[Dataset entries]
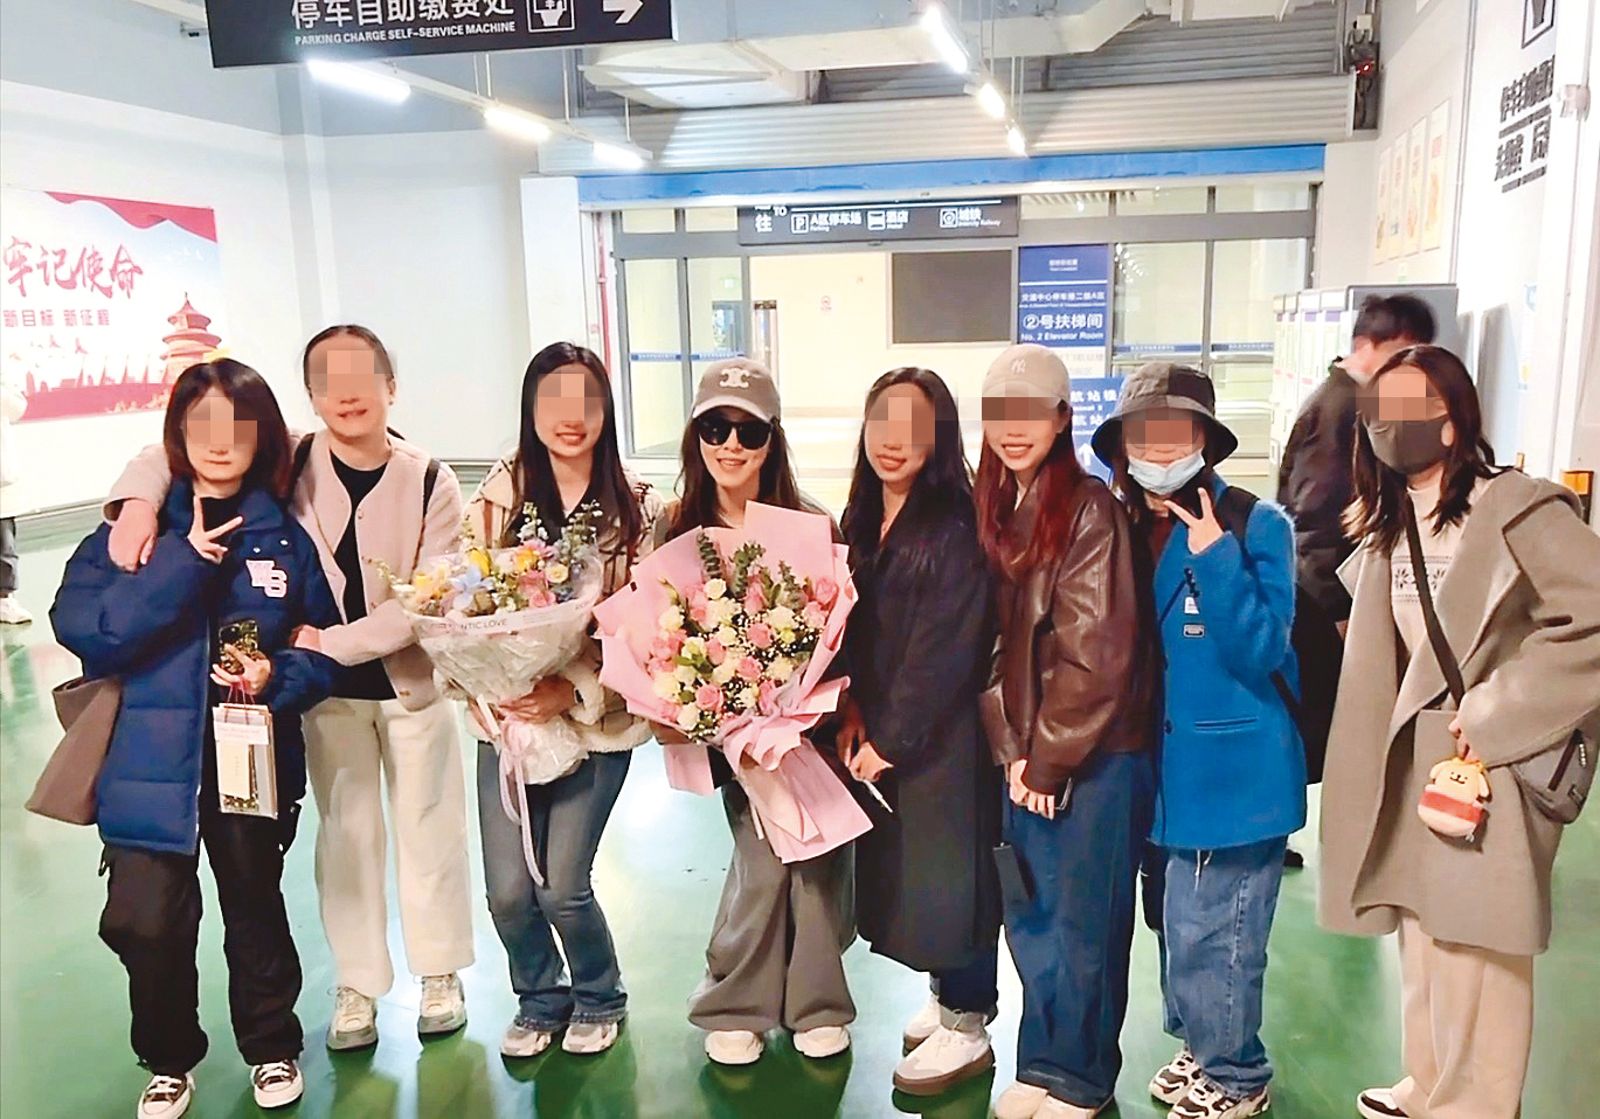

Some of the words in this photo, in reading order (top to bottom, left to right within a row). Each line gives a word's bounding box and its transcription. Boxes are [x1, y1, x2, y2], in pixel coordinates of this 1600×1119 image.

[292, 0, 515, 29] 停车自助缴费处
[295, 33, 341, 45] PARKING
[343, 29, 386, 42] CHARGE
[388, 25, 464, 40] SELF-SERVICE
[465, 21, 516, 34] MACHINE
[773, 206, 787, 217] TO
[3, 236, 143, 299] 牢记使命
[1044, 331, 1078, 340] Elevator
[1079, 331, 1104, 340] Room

◆ **What the task requires**
With the pictures removed, print the entries above exactly.

◆ **Response below**
Some of the words in this photo, in reading order (top to bottom, left to right within a row). Each line gives a word's bounding box and its transcription. Boxes are [x1, y1, x2, y2], in pixel coordinates of this 1600×1119 image.

[292, 0, 515, 29] 停车自助缴费处
[295, 33, 341, 45] PARKING
[343, 29, 386, 42] CHARGE
[388, 25, 464, 40] SELF-SERVICE
[465, 21, 516, 34] MACHINE
[773, 206, 787, 217] TO
[3, 236, 143, 299] 牢记使命
[1044, 331, 1078, 340] Elevator
[1079, 331, 1104, 340] Room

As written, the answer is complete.